Alex: Nope. Thanks to CO-RE, the tools automatically adjust when they detect a new kernel version. You might see a brief restart of the DaemonSet pods as they reload their eBPF programs, but it's seamless.
Jordan: Alright, let's bring this back to practical guidance. I'm running a Kubernetes cluster. Maybe I'm seeing performance issues or security concerns. How do I decide if eBPF tools are the right answer?
Alex: Ask yourself: Do I have visibility gaps that user-space tools can't fill? Are network policies slow or hard to debug? Do I need runtime security monitoring? If yes to any of those, eBPF is worth exploring.
Jordan: And the path is start small—profiling and detection tools—before committing to architectural changes like Cilium.
Alex: Exactly. Parca for profiling, Falco for security alerts. Both are low-risk, high-value. Once you're comfortable with those, consider Pixie for application observability if you have gaps in your distributed tracing.
Jordan: And Cilium only if you have specific network performance problems or need advanced features.
Alex: Right. Don't replace your CNI just because eBPF is cool. But if you're running thousands of Services, or you need sub-millisecond latency, or you want Layer seven Network Policies, then Cilium makes sense.
Jordan: What about the big picture? Where does eBPF fit in a modern observability stack?
Alex: It fills the kernel-level visibility gap. You still need Prometheus for metrics, distributed tracing for request flows, logs for application events. But eBPF gives you the missing piece—what's happening at the system level, in the kernel, that your application can't see.
Jordan: So it's complementary, not a replacement.
Alex: Exactly. The modern stack is Prometheus for metrics, a tracing system like Tempo or Jaeger for distributed traces, a log aggregator like Loki or Elasticsearch, and eBPF-based tools for kernel and network visibility.

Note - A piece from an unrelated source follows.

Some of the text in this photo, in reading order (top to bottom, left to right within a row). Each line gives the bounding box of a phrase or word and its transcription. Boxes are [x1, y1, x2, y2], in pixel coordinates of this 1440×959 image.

Together, they give you complete observability.
Jordan: Last question. Where is eBPF headed? What's coming next?
Alex: More protocol support—every eBPF tool is adding parsers for new protocols. Better integration with Kubernetes constructs—like policies based on service accounts or admission control. And I think we'll see eBPF used for things beyond observability and networking, like storage I/O optimization or even scheduling decisions.

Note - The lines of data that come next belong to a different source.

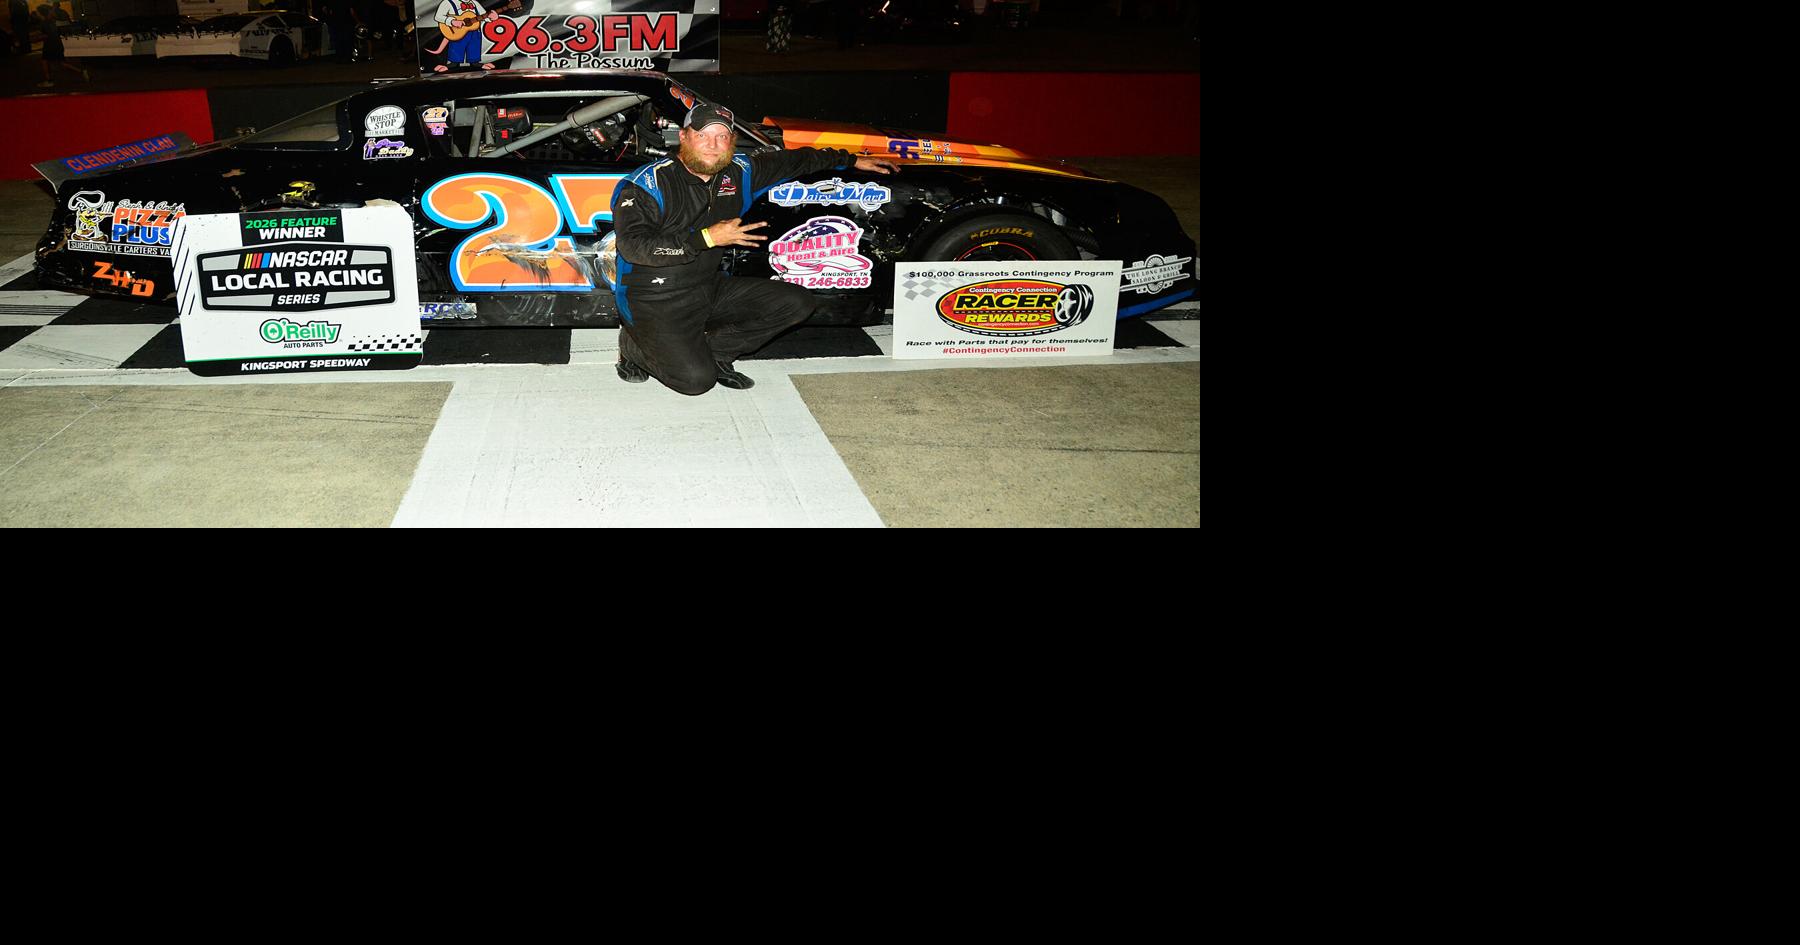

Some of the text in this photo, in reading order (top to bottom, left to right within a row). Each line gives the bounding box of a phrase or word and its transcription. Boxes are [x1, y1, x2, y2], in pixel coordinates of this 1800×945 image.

[536, 52, 652, 70] The Possum
[369, 112, 401, 123] WHISTLE
[374, 119, 397, 130] STOP
[67, 136, 177, 172] CLENDENIN CLAN
[778, 182, 884, 206] Dairy Mart
[246, 216, 338, 229] 2026 FEATURE
[112, 224, 171, 245] PLUS
[258, 226, 327, 240] WINNER
[979, 227, 1034, 239] COBRA
[125, 246, 158, 255] CARTERS
[772, 232, 858, 256] QUALITY
[270, 250, 349, 268] NASCAR
[787, 247, 856, 262] Heat & Aire
[211, 269, 385, 291] LOCAL RACING
[1127, 271, 1140, 279] THE
[807, 277, 869, 287] 246-6833
[277, 293, 321, 305] SERIES
[955, 294, 1059, 309] RACER
[965, 314, 1053, 324] REWARDS
[261, 319, 339, 342] O'Reilly
[943, 346, 1067, 354] #ContingencyConnection
[241, 358, 371, 371] KINGSPORT SPEEDWAY

Jordan: So it's not just a monitoring tool. It's a platform for making the kernel programmable.
Alex: That's the key insight. eBPF turns the Linux kernel from a static black box into a programmable platform. And in a world where everything runs in containers on Kubernetes, having that kernel-level programmability is a superpower.
Jordan: Alright, let's wrap this up. If you're running Kubernetes and you've been frustrated by visibility gaps—can't debug network issues, can't profile performance without overhead, can't detect security anomalies—eBPF tools give you kernel-level superpowers. Start small with profiling and security detection. Understand what's happening under the hood, but don't feel like you need to write eBPF programs yourself. And remember, this is about filling the kernel visibility gap that containers created—it's not replacing your existing observability stack, it's completing it.
Alex: And check your kernel version first. You need at least Linux four point nine, preferably five point zero or newer, to get the full eBPF feature set. Most managed Kubernetes providers are already there, but if you're on-prem or running older clusters, that's your first step.
Jordan: eBPF—from black box to programmable kernel, with tools like Cilium, Pixie, and Falco bringing kernel-level visibility to Kubernetes without the traditional risks.